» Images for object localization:

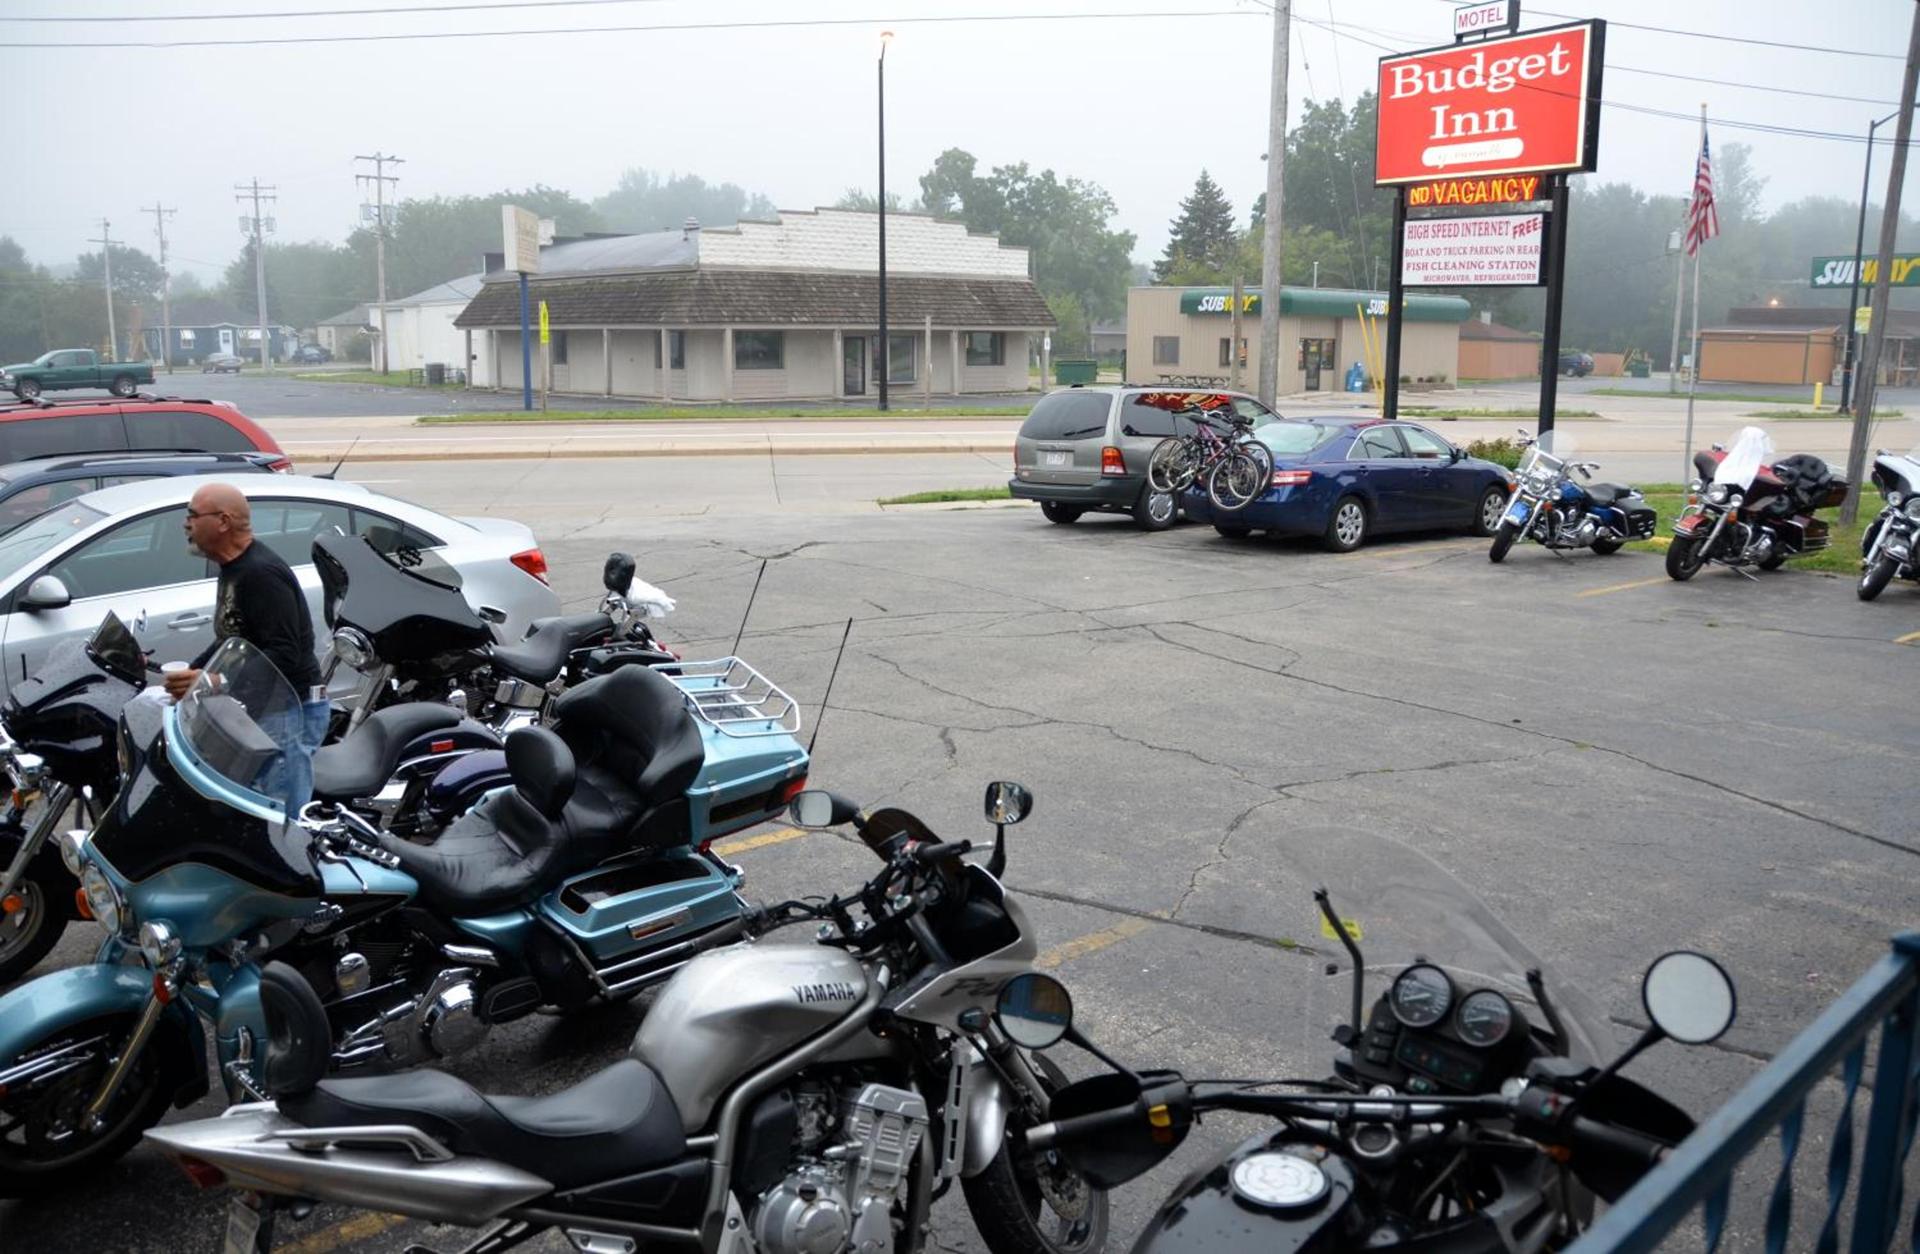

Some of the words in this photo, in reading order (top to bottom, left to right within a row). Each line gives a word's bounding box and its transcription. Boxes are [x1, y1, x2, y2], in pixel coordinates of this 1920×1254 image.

[1457, 8, 1503, 28] MOTEL
[1389, 41, 1571, 99] Budget
[1429, 104, 1517, 140] Inn
[1410, 186, 1430, 206] NO
[1407, 224, 1429, 240] HIGH
[1431, 222, 1460, 239] SPEED
[1461, 220, 1511, 238] INTERNET
[1405, 247, 1425, 258] BOAT
[1425, 247, 1442, 257] AND
[1443, 246, 1468, 256] TRUCK
[1469, 245, 1504, 256] PARKING
[1505, 245, 1516, 255] IN
[1517, 244, 1541, 255] REAR
[1406, 262, 1429, 271] FISH
[1430, 261, 1485, 271] CLEANING
[1487, 260, 1537, 270] STATION
[1815, 257, 1920, 286] SUBWY
[1197, 294, 1258, 312] SUBWY
[791, 982, 857, 1003] YAMAHA

» Action item: Your task is to restate every record word for word. Omit all pictures.

» Task solution:
Some of the words in this photo, in reading order (top to bottom, left to right within a row). Each line gives a word's bounding box and its transcription. Boxes are [x1, y1, x2, y2], in pixel coordinates of this 1920×1254 image.

[1457, 8, 1503, 28] MOTEL
[1389, 41, 1571, 99] Budget
[1429, 104, 1517, 140] Inn
[1410, 186, 1430, 206] NO
[1407, 224, 1429, 240] HIGH
[1431, 222, 1460, 239] SPEED
[1461, 220, 1511, 238] INTERNET
[1405, 247, 1425, 258] BOAT
[1425, 247, 1442, 257] AND
[1443, 246, 1468, 256] TRUCK
[1469, 245, 1504, 256] PARKING
[1505, 245, 1516, 255] IN
[1517, 244, 1541, 255] REAR
[1406, 262, 1429, 271] FISH
[1430, 261, 1485, 271] CLEANING
[1487, 260, 1537, 270] STATION
[1815, 257, 1920, 286] SUBWY
[1197, 294, 1258, 312] SUBWY
[791, 982, 857, 1003] YAMAHA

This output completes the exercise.